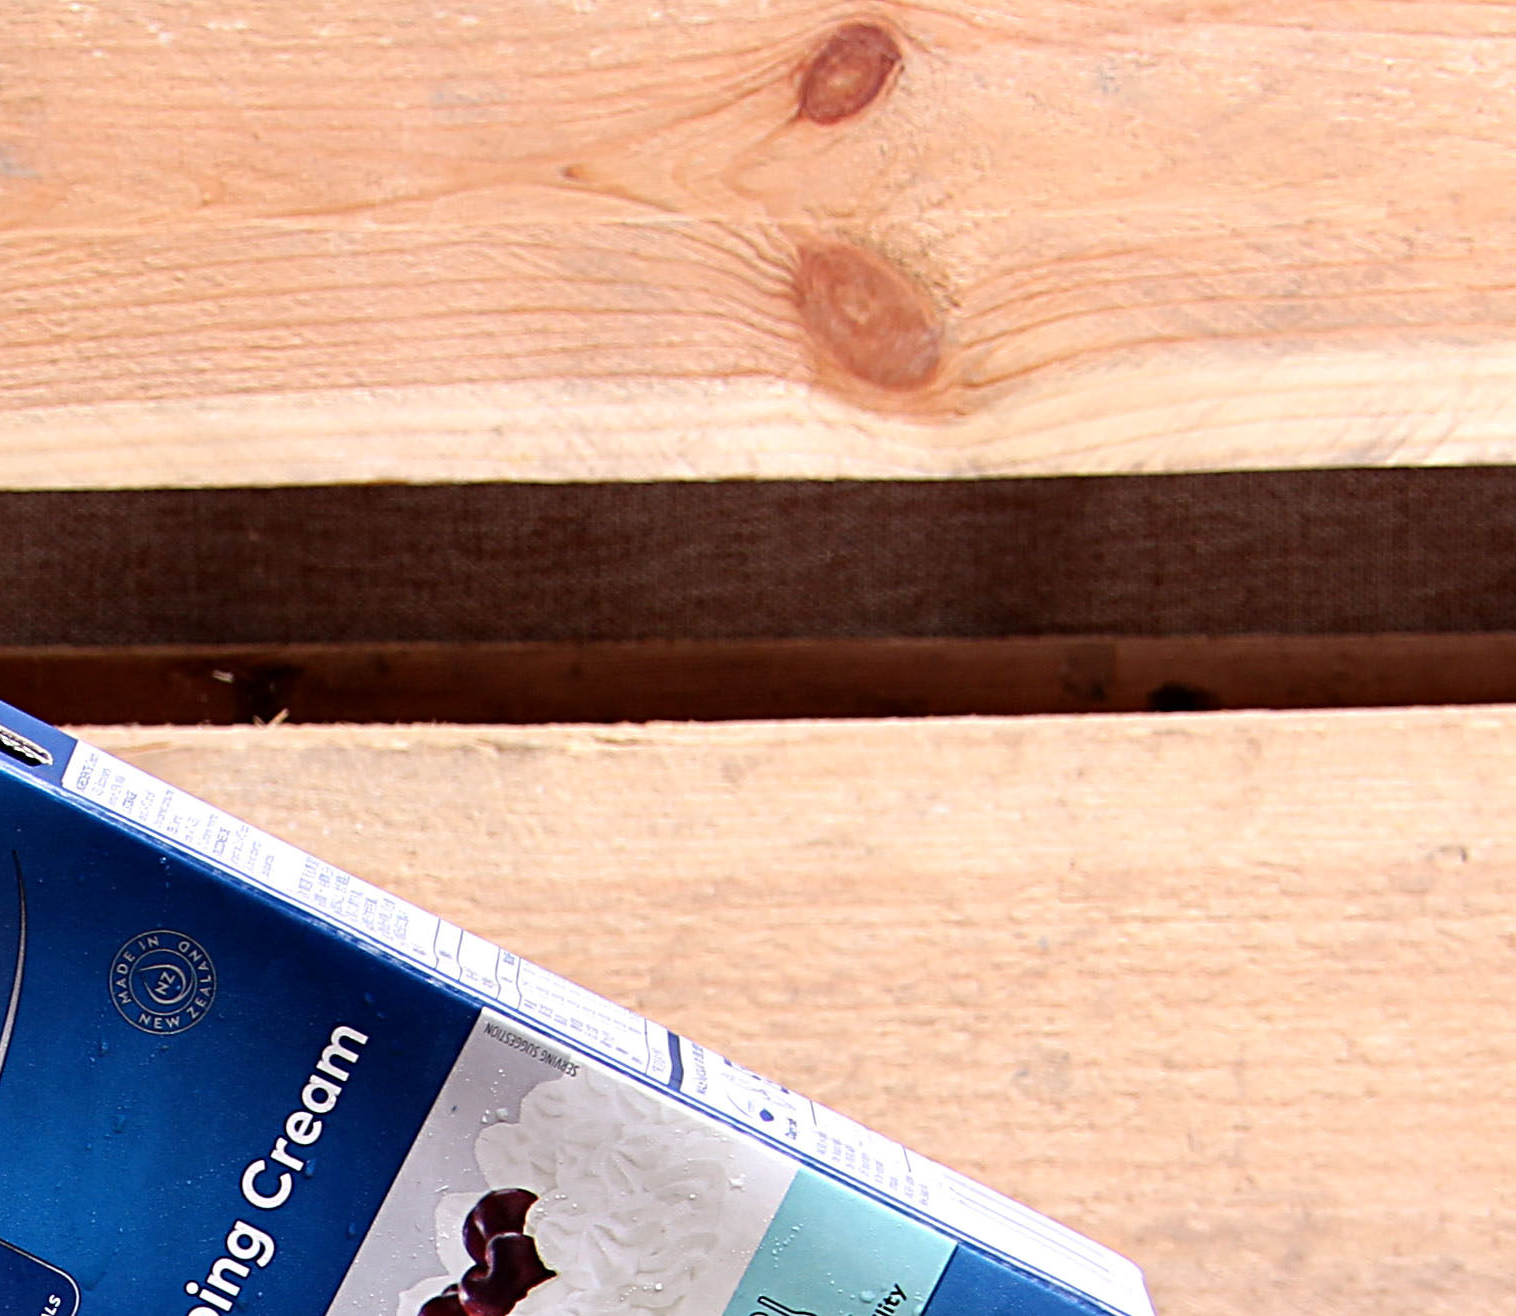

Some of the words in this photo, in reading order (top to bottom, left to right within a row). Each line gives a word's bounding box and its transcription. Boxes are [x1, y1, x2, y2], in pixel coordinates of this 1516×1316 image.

[119, 943, 144, 1005] MADE
[139, 935, 160, 951] IN
[139, 1013, 181, 1030] NEW
[177, 939, 212, 1019] ZEALAND
[485, 1022, 540, 1058] SUGGESTION
[540, 1050, 580, 1077] SERVING
[241, 1025, 369, 1210] Cream

□ □ □

- WORK ORDER
Reprint each of the records exactly and skip the images.

- FINAL ANSWER
Some of the words in this photo, in reading order (top to bottom, left to right within a row). Each line gives a word's bounding box and its transcription. Boxes are [x1, y1, x2, y2], in pixel coordinates of this 1516×1316 image.

[119, 943, 144, 1005] MADE
[139, 935, 160, 951] IN
[139, 1013, 181, 1030] NEW
[177, 939, 212, 1019] ZEALAND
[485, 1022, 540, 1058] SUGGESTION
[540, 1050, 580, 1077] SERVING
[241, 1025, 369, 1210] Cream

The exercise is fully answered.